[The problem] What's wanted is a faithful retyping of every entry, pictures excluded.

[Spatial localization data]
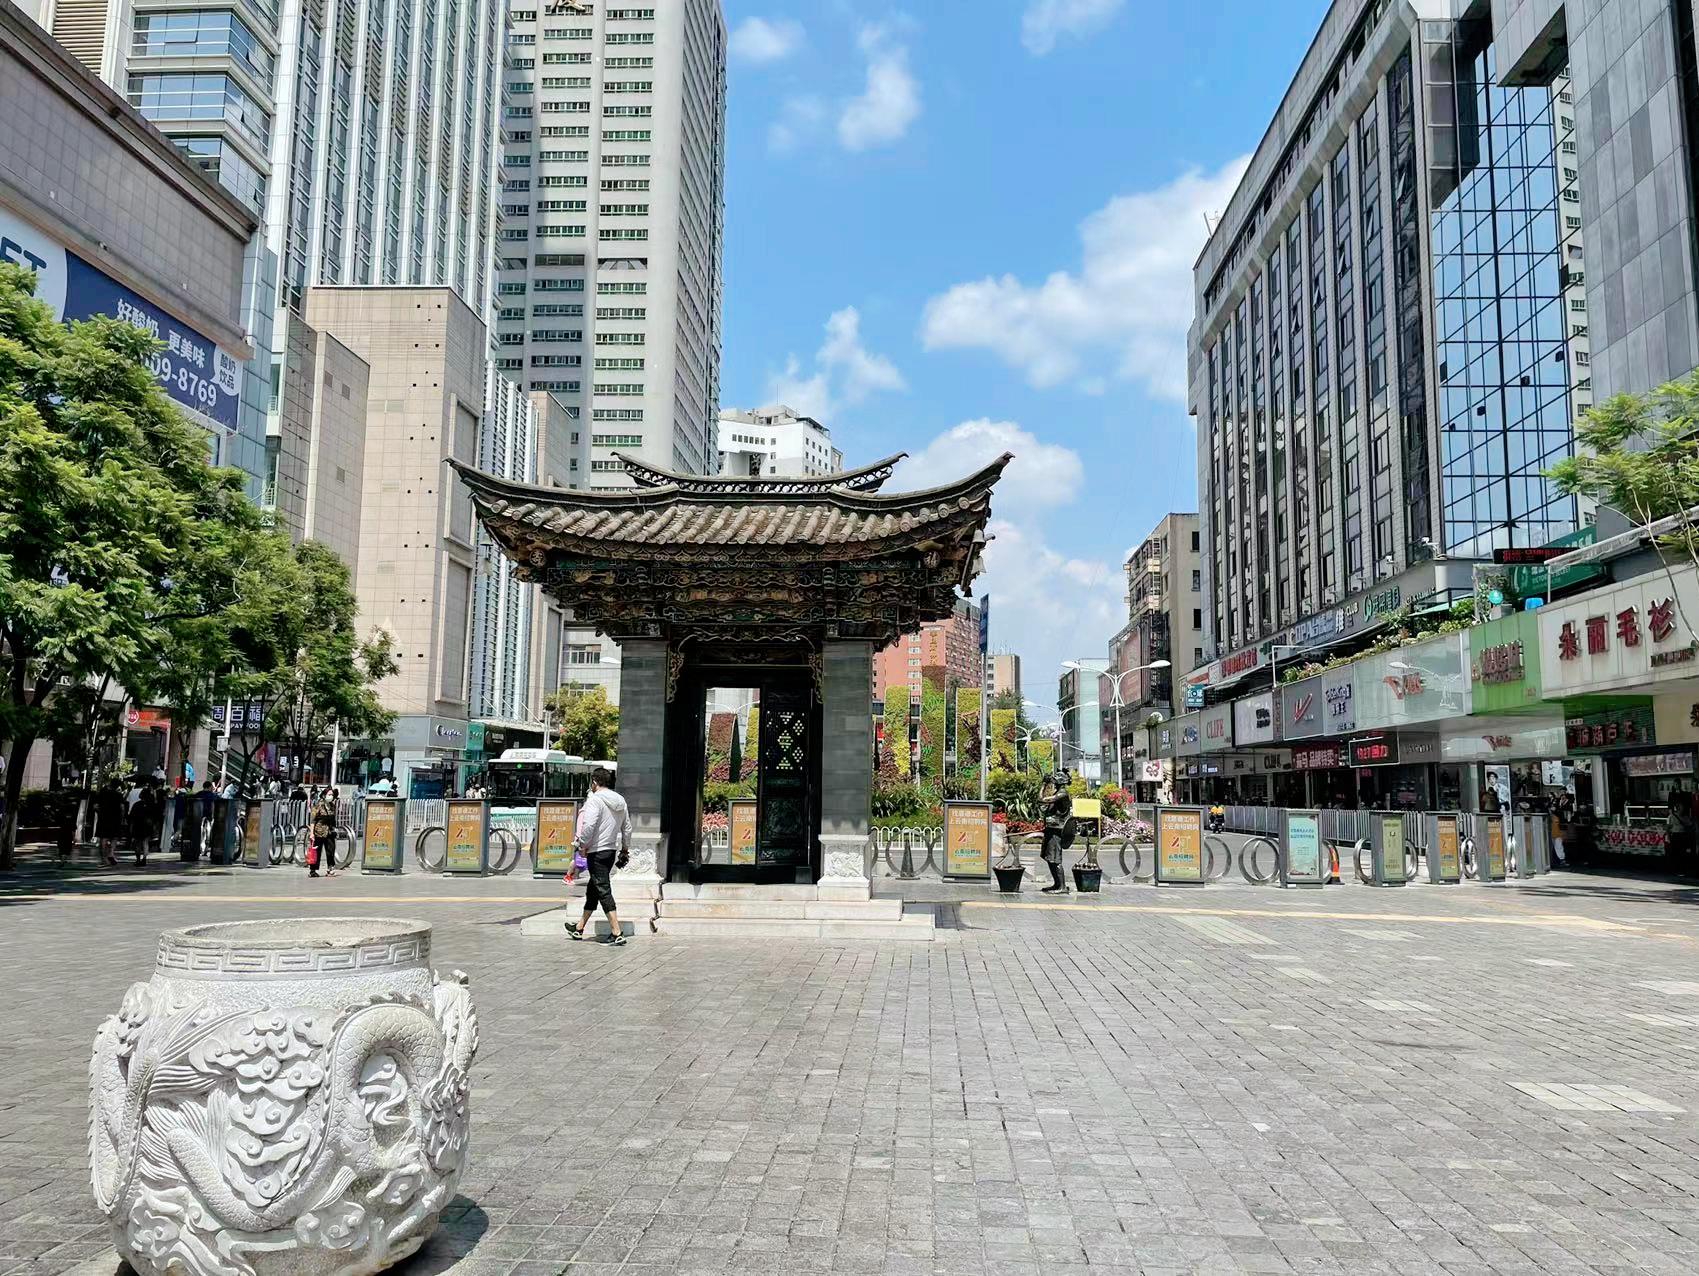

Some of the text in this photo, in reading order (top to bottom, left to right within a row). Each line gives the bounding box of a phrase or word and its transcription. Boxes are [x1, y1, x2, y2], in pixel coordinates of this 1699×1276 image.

[117, 298, 206, 369] 好酸奶 更美味
[145, 350, 217, 407] 09-8769
[218, 370, 235, 390] 饮品
[220, 352, 236, 373] 酸奶

[Task output]
Some of the text in this photo, in reading order (top to bottom, left to right within a row). Each line gives the bounding box of a phrase or word and its transcription. Boxes are [x1, y1, x2, y2], in pixel coordinates of this 1699×1276 image.

[117, 298, 206, 369] 好酸奶 更美味
[145, 350, 217, 407] 09-8769
[218, 370, 235, 390] 饮品
[220, 352, 236, 373] 酸奶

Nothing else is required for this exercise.